▸ Work required
Repeat the data exactly, please; no pictures belong in the copy.

────────────────────

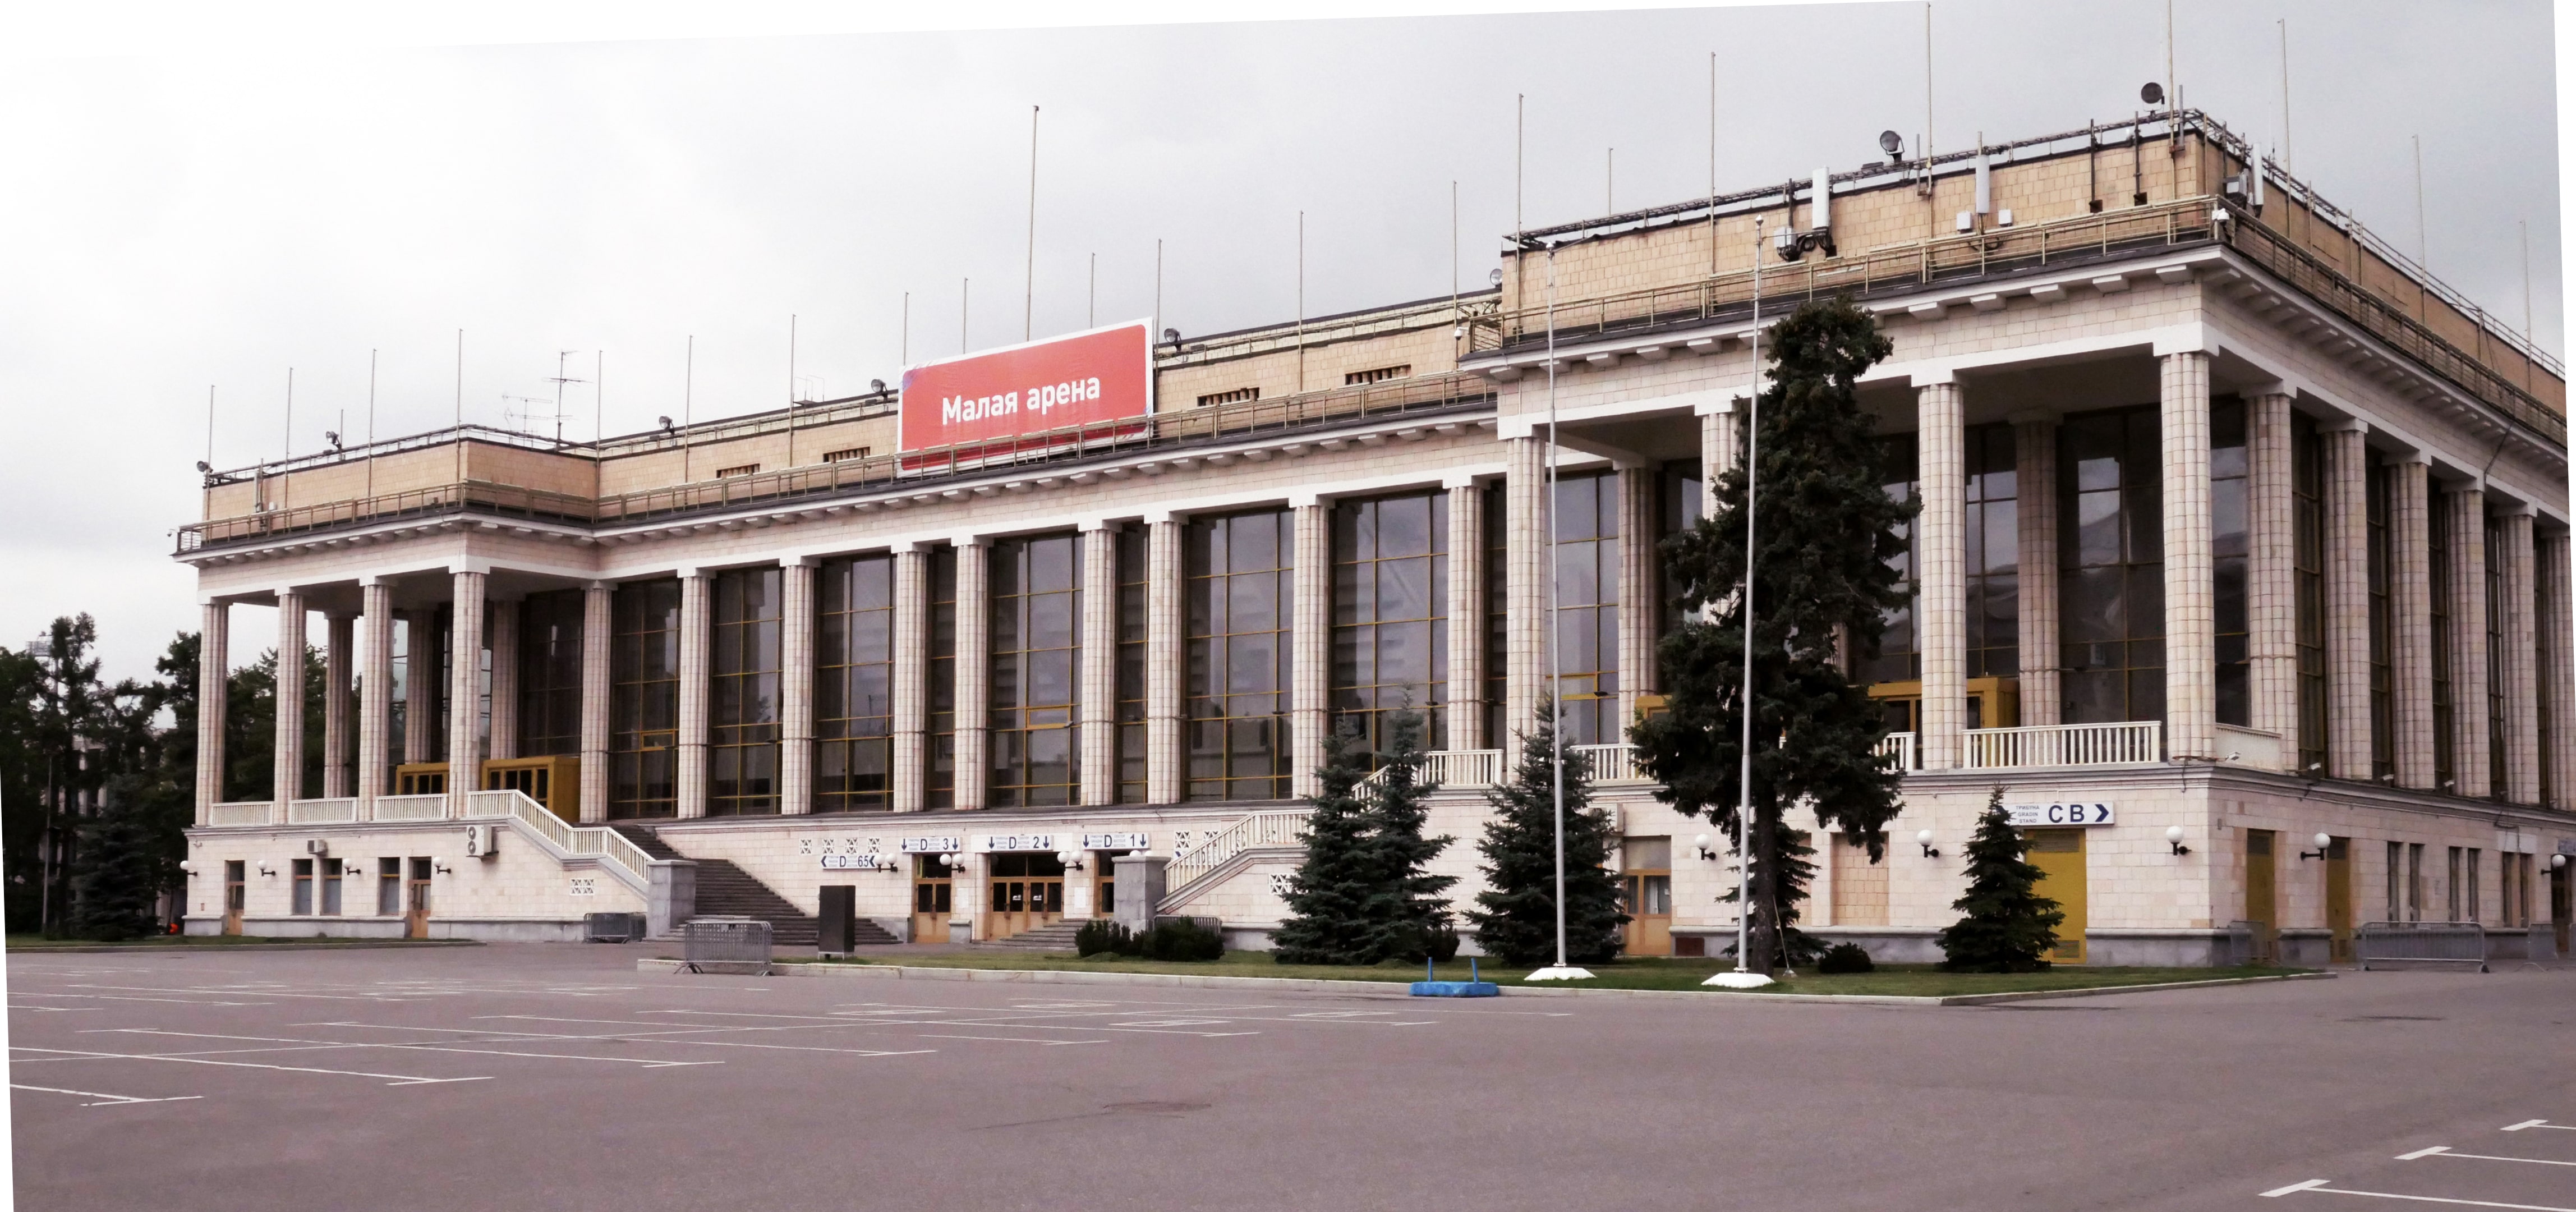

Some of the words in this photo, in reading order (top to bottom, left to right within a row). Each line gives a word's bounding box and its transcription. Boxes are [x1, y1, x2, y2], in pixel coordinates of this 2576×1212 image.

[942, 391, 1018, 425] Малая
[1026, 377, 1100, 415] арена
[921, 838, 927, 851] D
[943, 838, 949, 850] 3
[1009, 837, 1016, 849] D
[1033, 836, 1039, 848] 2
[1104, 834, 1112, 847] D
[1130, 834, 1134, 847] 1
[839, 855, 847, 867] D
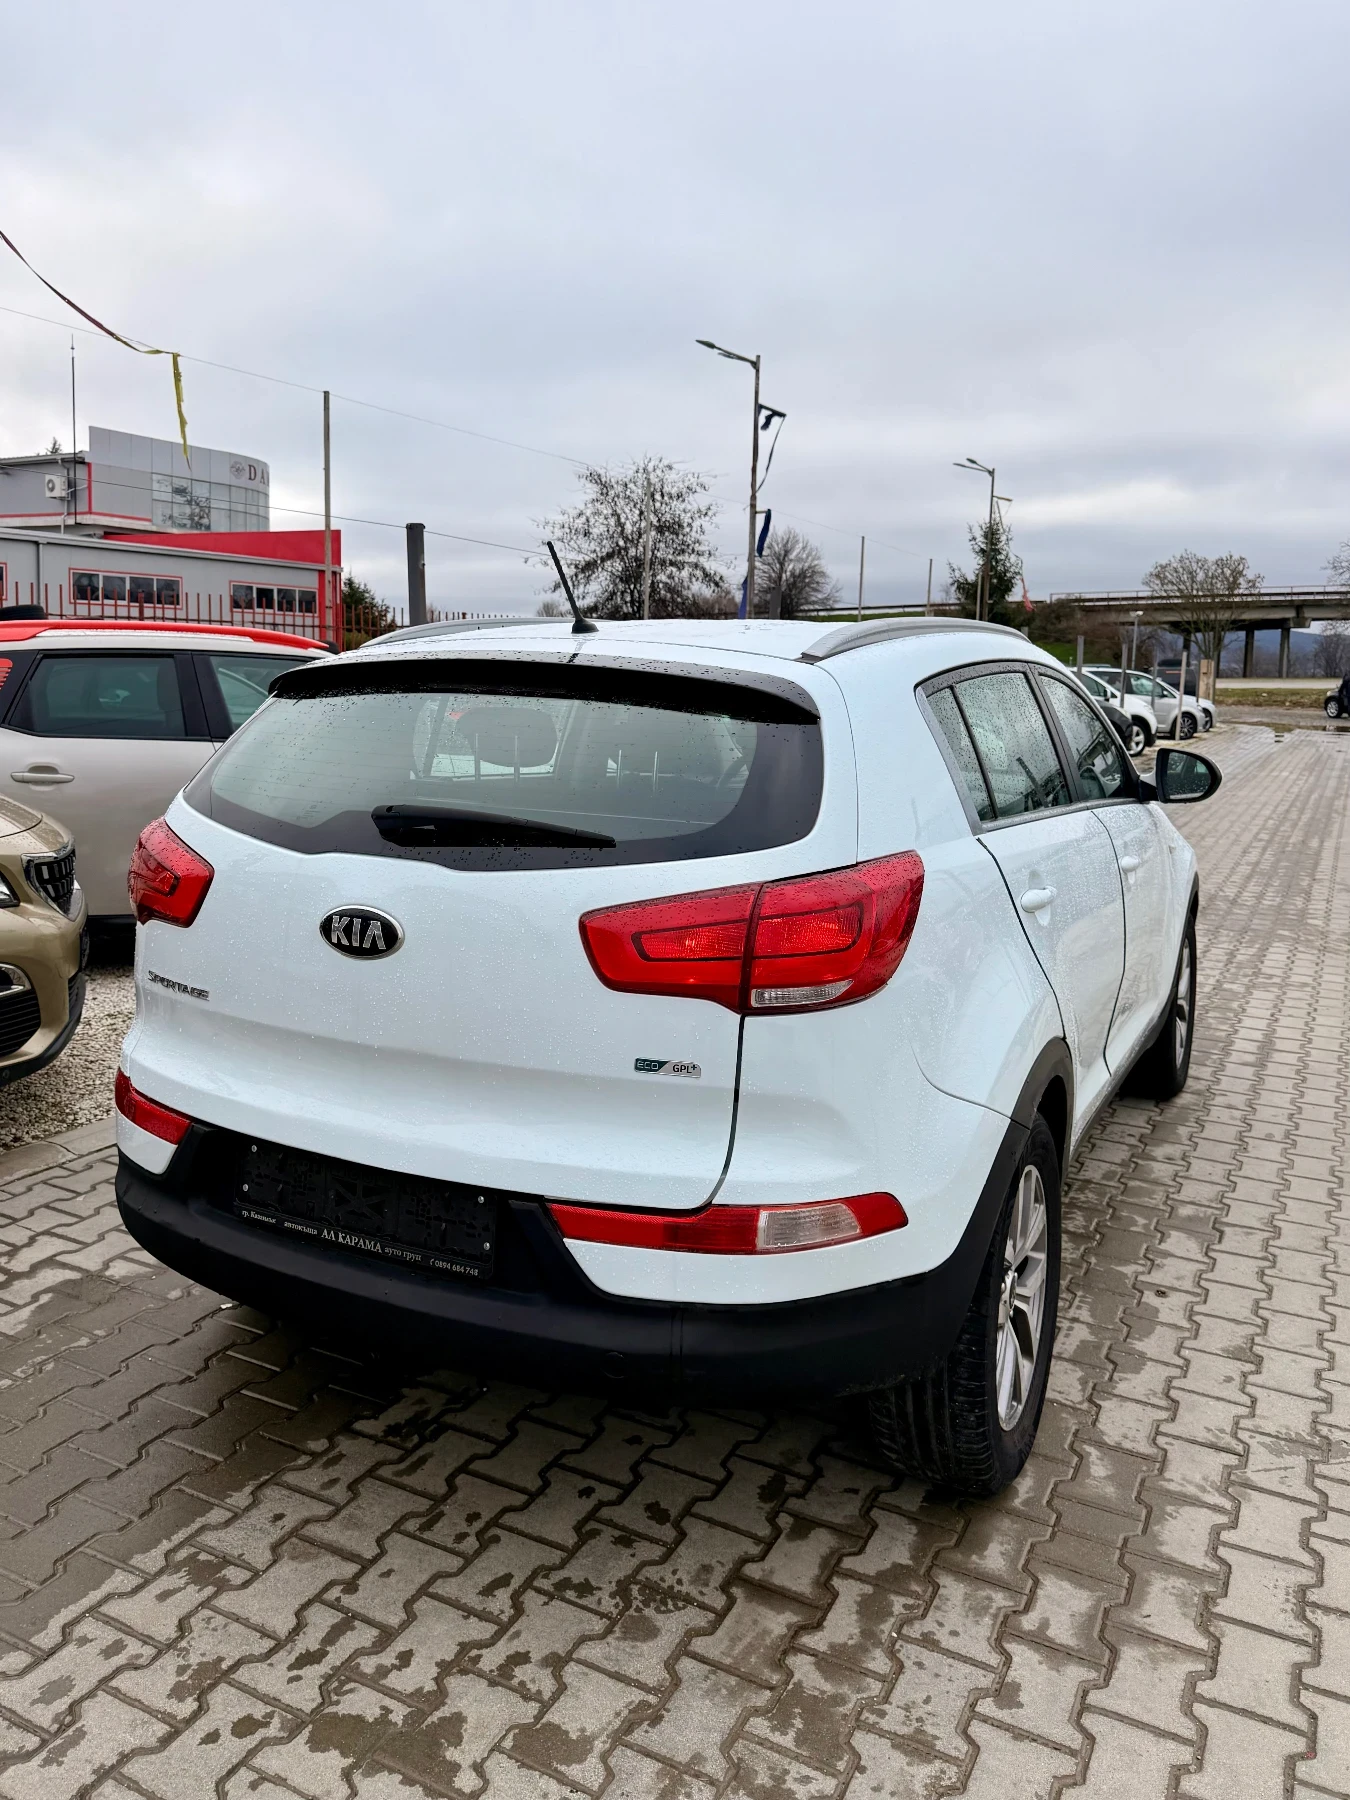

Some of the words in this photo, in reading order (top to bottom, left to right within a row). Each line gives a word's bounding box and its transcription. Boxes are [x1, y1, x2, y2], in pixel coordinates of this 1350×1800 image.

────────────────────

▸ Exercise output
Some of the words in this photo, in reading order (top to bottom, left to right within a row). Each line gives a word's bounding box and its transcription. Boxes are [x1, y1, x2, y2], in pixel coordinates of this 2576×1212 image.

[942, 391, 1018, 425] Малая
[1026, 377, 1100, 415] арена
[921, 838, 927, 851] D
[943, 838, 949, 850] 3
[1009, 837, 1016, 849] D
[1033, 836, 1039, 848] 2
[1104, 834, 1112, 847] D
[1130, 834, 1134, 847] 1
[839, 855, 847, 867] D

Some of the words in this photo, in reading order (top to bottom, left to right within a row). Each line gives a word's bounding box and its transcription. Boxes are [x1, y1, x2, y2], in pixel coordinates of this 1350×1800 image.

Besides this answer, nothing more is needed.